TASK BRIEF - Please give every line below again exactly, but not its pictures.

(Saved entries)
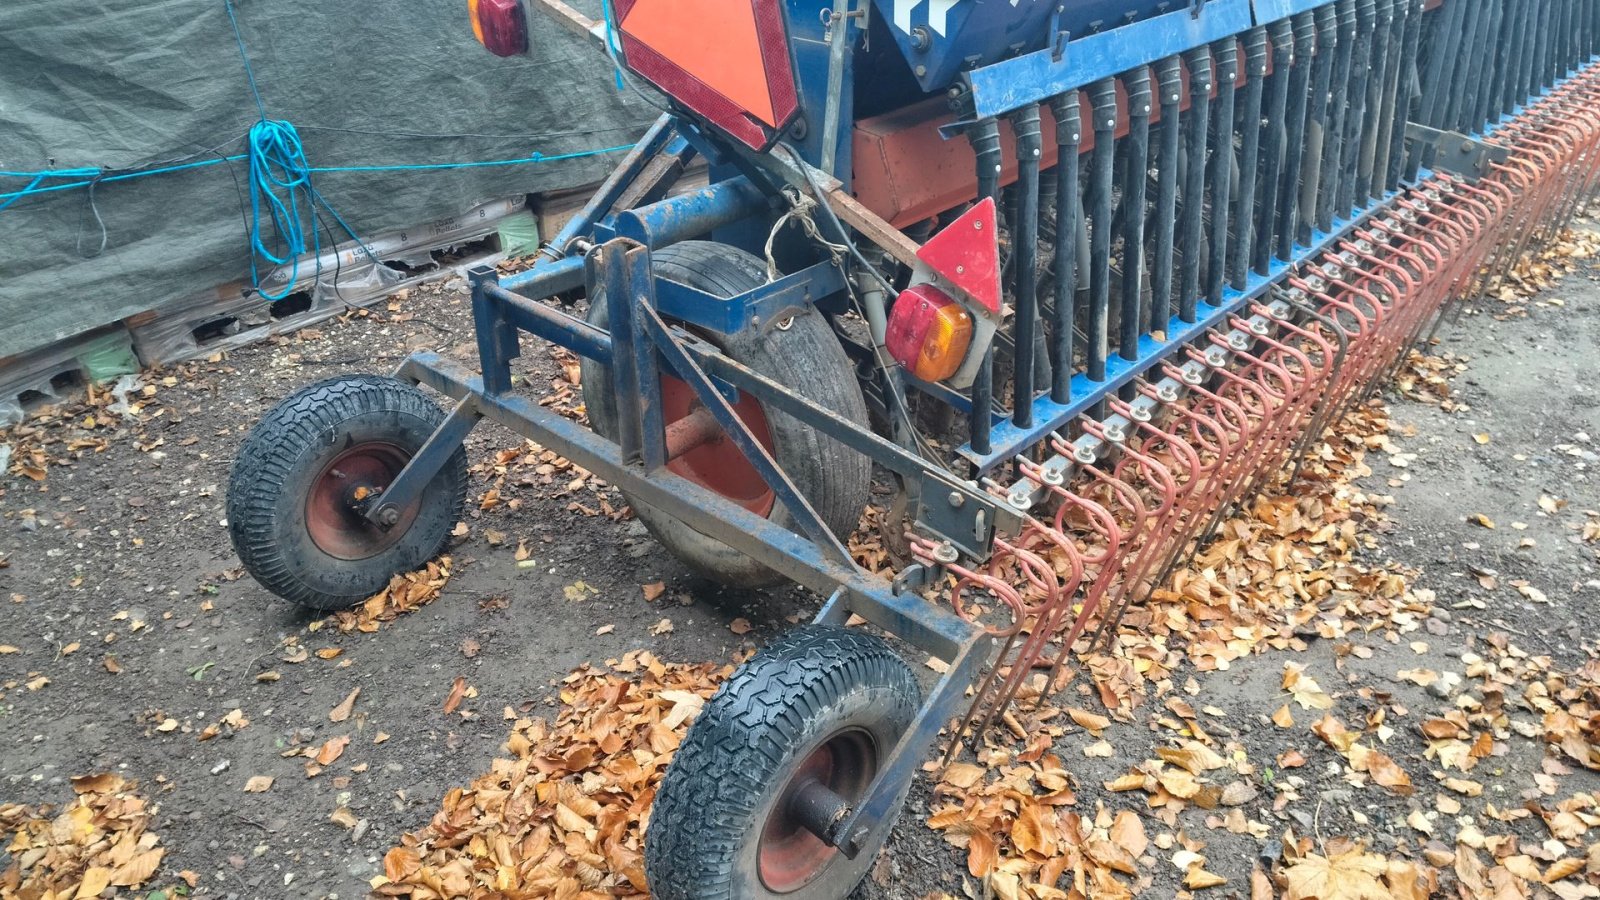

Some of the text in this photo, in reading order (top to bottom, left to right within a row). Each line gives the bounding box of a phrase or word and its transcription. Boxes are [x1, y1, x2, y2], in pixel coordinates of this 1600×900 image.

[479, 209, 486, 218] 8
[401, 232, 408, 242] 8
[354, 250, 383, 263] Pelets
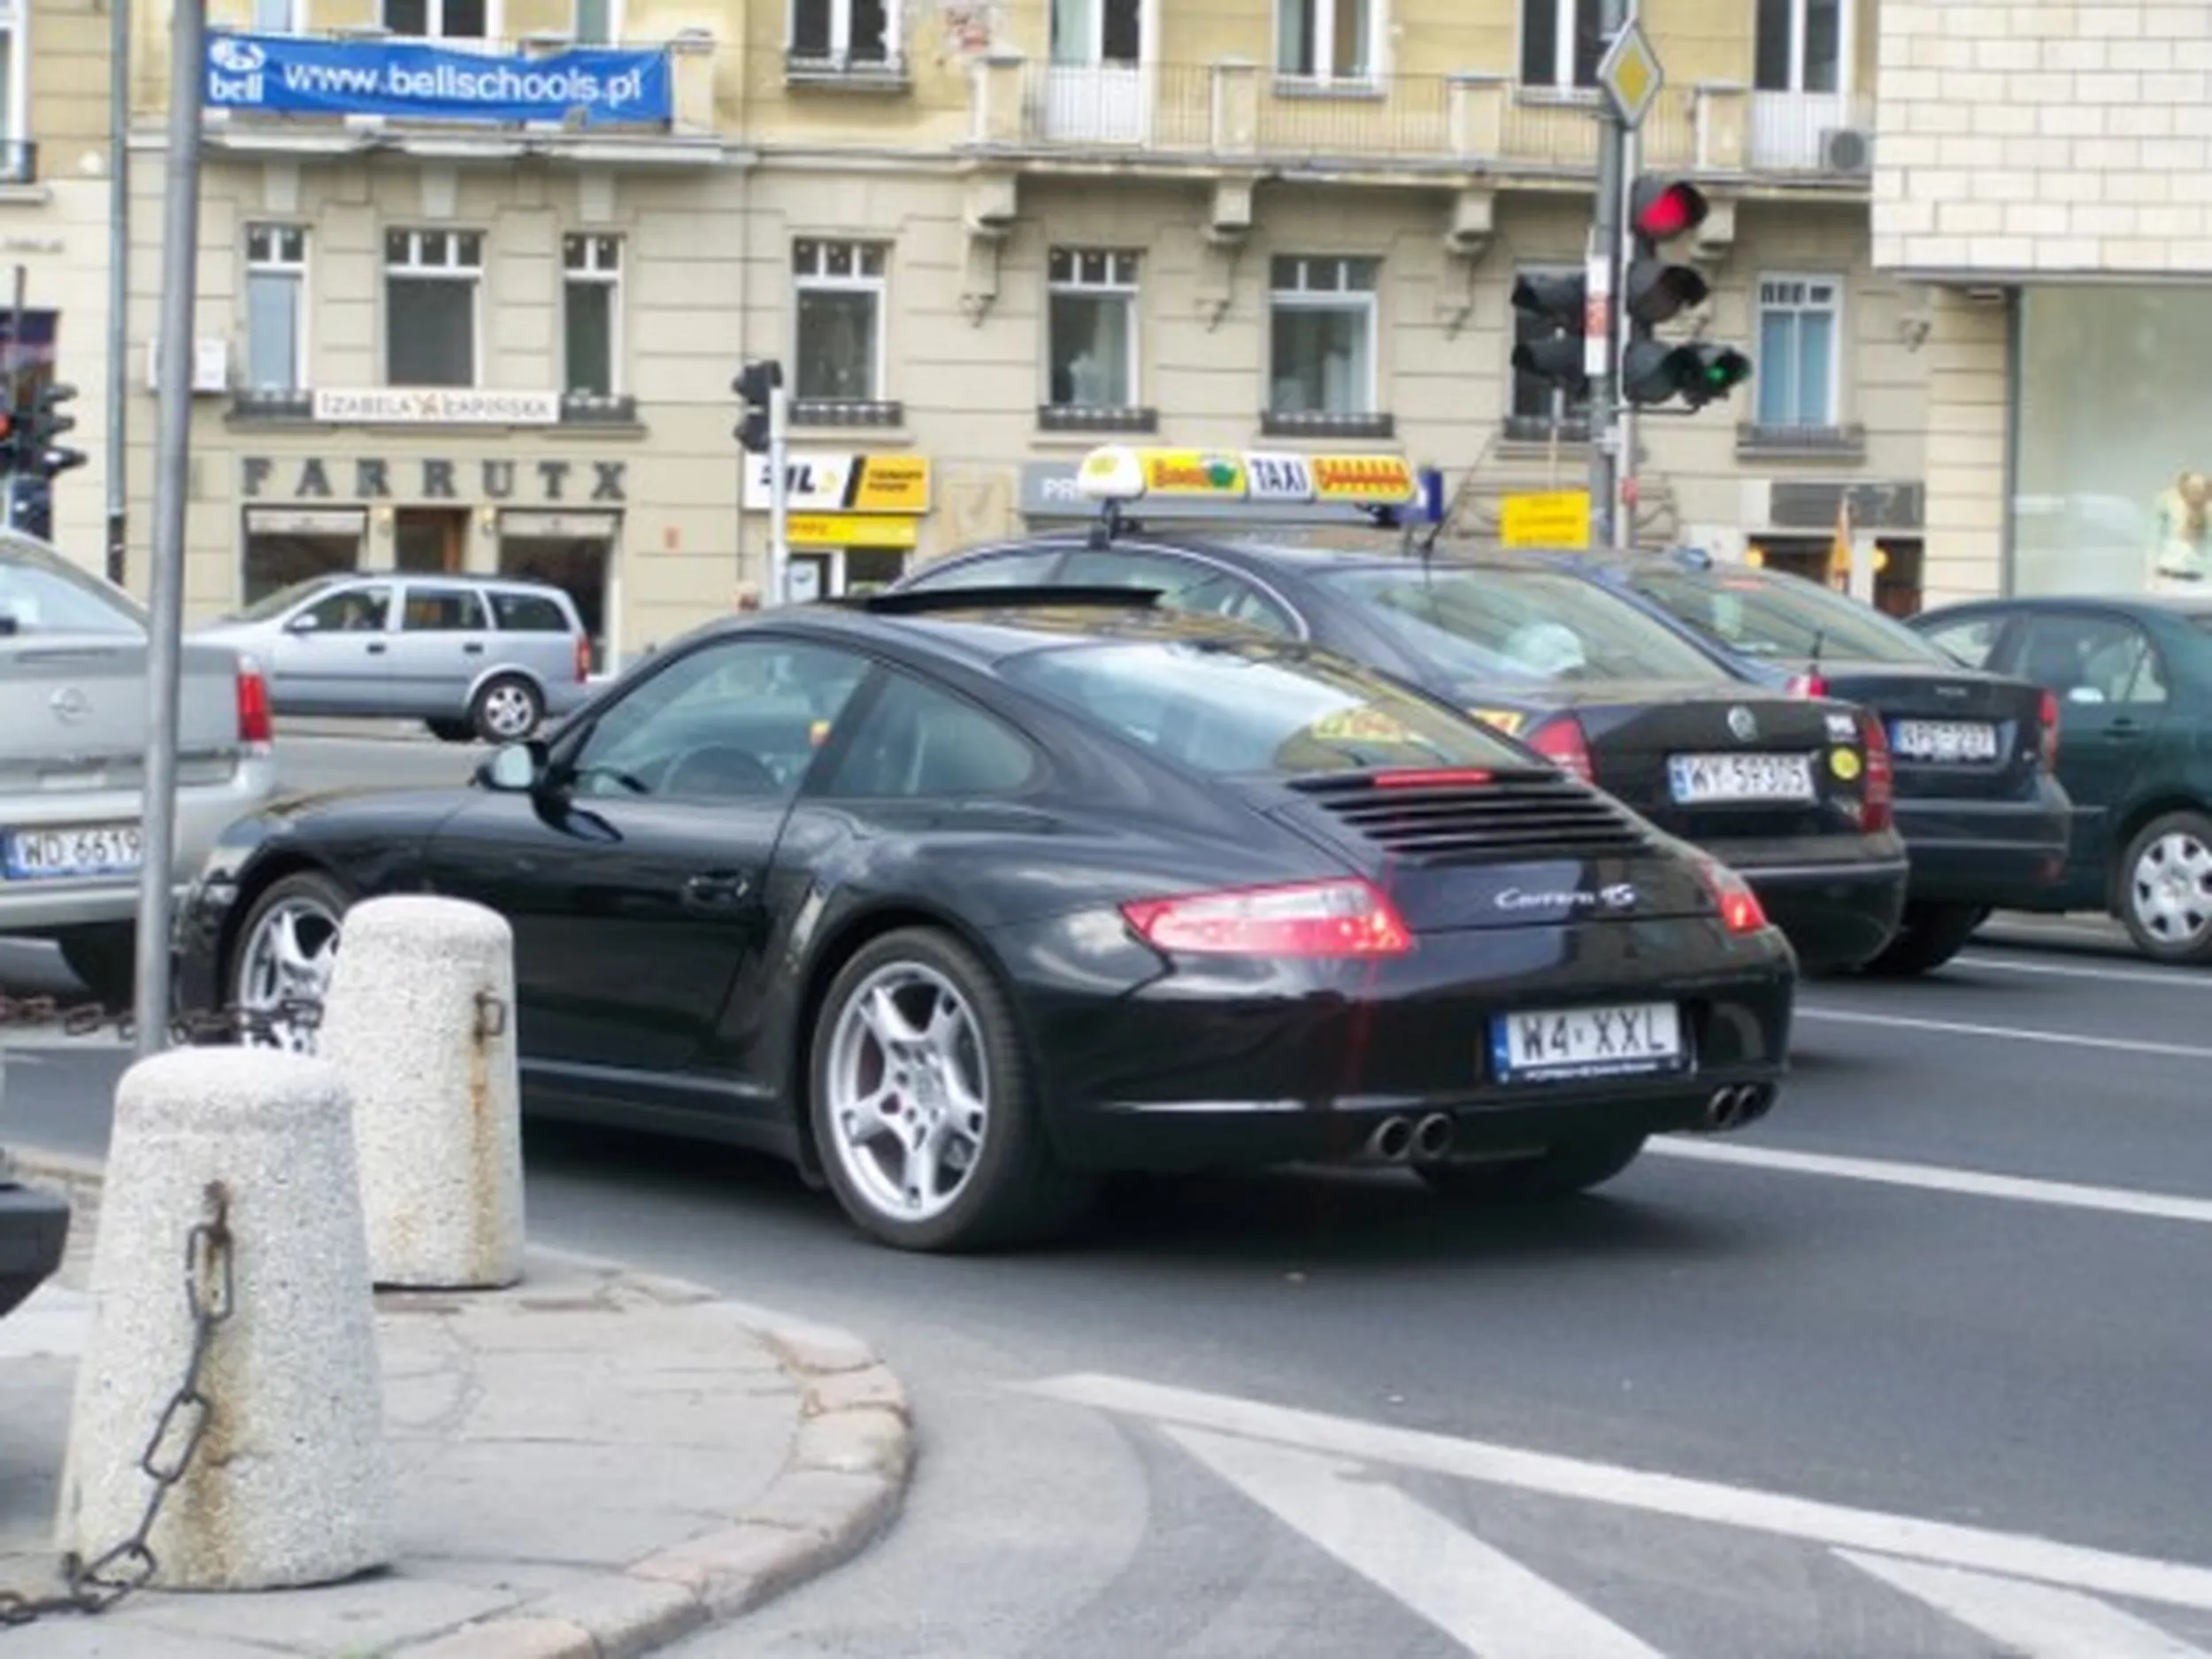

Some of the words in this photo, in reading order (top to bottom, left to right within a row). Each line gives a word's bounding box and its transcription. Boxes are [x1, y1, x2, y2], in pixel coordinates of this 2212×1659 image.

[210, 70, 264, 104] bell
[283, 63, 641, 108] www.bellschools.pl
[321, 391, 411, 415] IZABELA
[242, 457, 626, 500] FARRUTX
[1250, 457, 1309, 492] TAXI
[1494, 887, 1595, 910] Carrera
[1520, 1014, 1570, 1061] W4
[1593, 1006, 1665, 1055] XXL

EXPECTED ANSWER -
Some of the text in this photo, in reading order (top to bottom, left to right within a row). Each line gives the bounding box of a phrase or word and its transcription. Boxes are [x1, y1, x2, y2], in pixel coordinates of this 1600×900 image.

[479, 209, 486, 218] 8
[401, 232, 408, 242] 8
[354, 250, 383, 263] Pelets

Some of the words in this photo, in reading order (top to bottom, left to right within a row). Each line gives a word's bounding box and its transcription. Boxes are [x1, y1, x2, y2], in pixel coordinates of this 2212×1659 image.

[210, 70, 264, 104] bell
[283, 63, 641, 108] www.bellschools.pl
[321, 391, 411, 415] IZABELA
[242, 457, 626, 500] FARRUTX
[1250, 457, 1309, 492] TAXI
[1494, 887, 1595, 910] Carrera
[1520, 1014, 1570, 1061] W4
[1593, 1006, 1665, 1055] XXL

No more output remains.